**TASK GOAL**:
Without the pictures, set down the records below word for word.
** Opening PROVIDED RECORDS block **
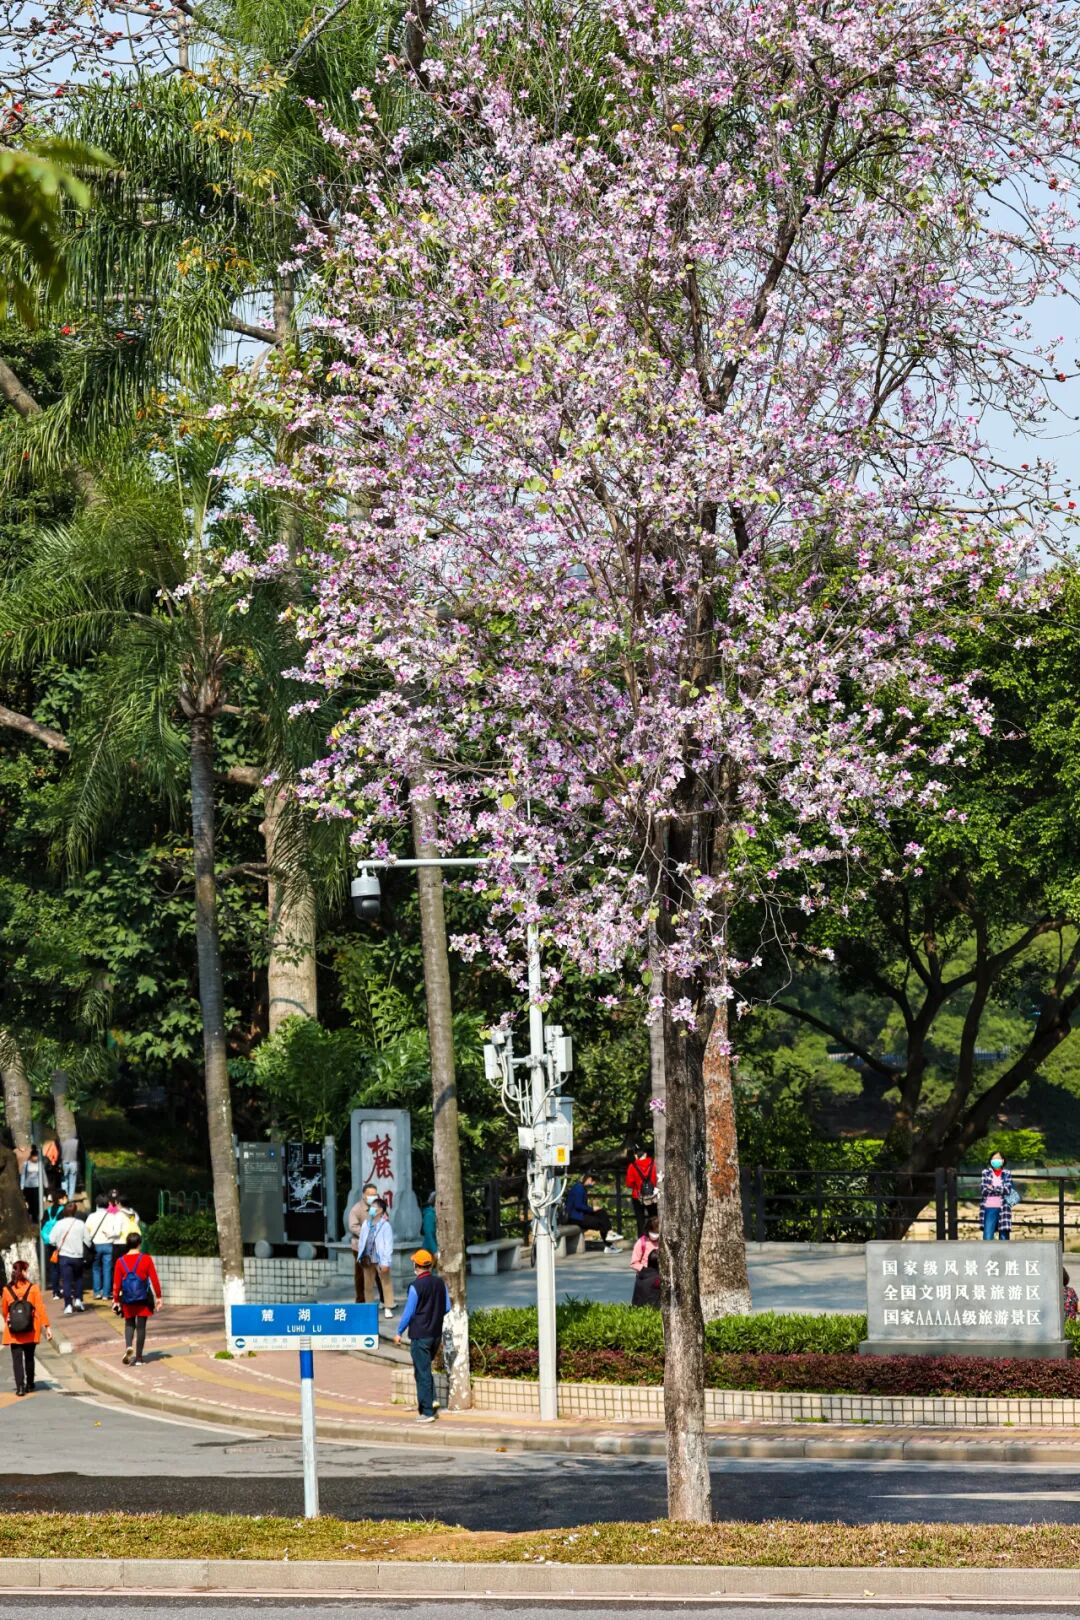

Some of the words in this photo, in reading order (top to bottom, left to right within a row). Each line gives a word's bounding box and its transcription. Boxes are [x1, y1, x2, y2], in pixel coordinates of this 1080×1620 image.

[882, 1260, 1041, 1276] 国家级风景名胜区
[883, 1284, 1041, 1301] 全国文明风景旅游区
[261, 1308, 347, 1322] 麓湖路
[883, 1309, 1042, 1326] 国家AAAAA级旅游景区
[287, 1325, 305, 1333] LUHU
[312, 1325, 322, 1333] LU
** Closing PROVIDED RECORDS block **
**TASK RESPONSE**:
Some of the words in this photo, in reading order (top to bottom, left to right within a row). Each line gives a word's bounding box and its transcription. Boxes are [x1, y1, x2, y2], in pixel coordinates of this 1080×1620 image.

[882, 1260, 1041, 1276] 国家级风景名胜区
[883, 1284, 1041, 1301] 全国文明风景旅游区
[261, 1308, 347, 1322] 麓湖路
[883, 1309, 1042, 1326] 国家AAAAA级旅游景区
[287, 1325, 305, 1333] LUHU
[312, 1325, 322, 1333] LU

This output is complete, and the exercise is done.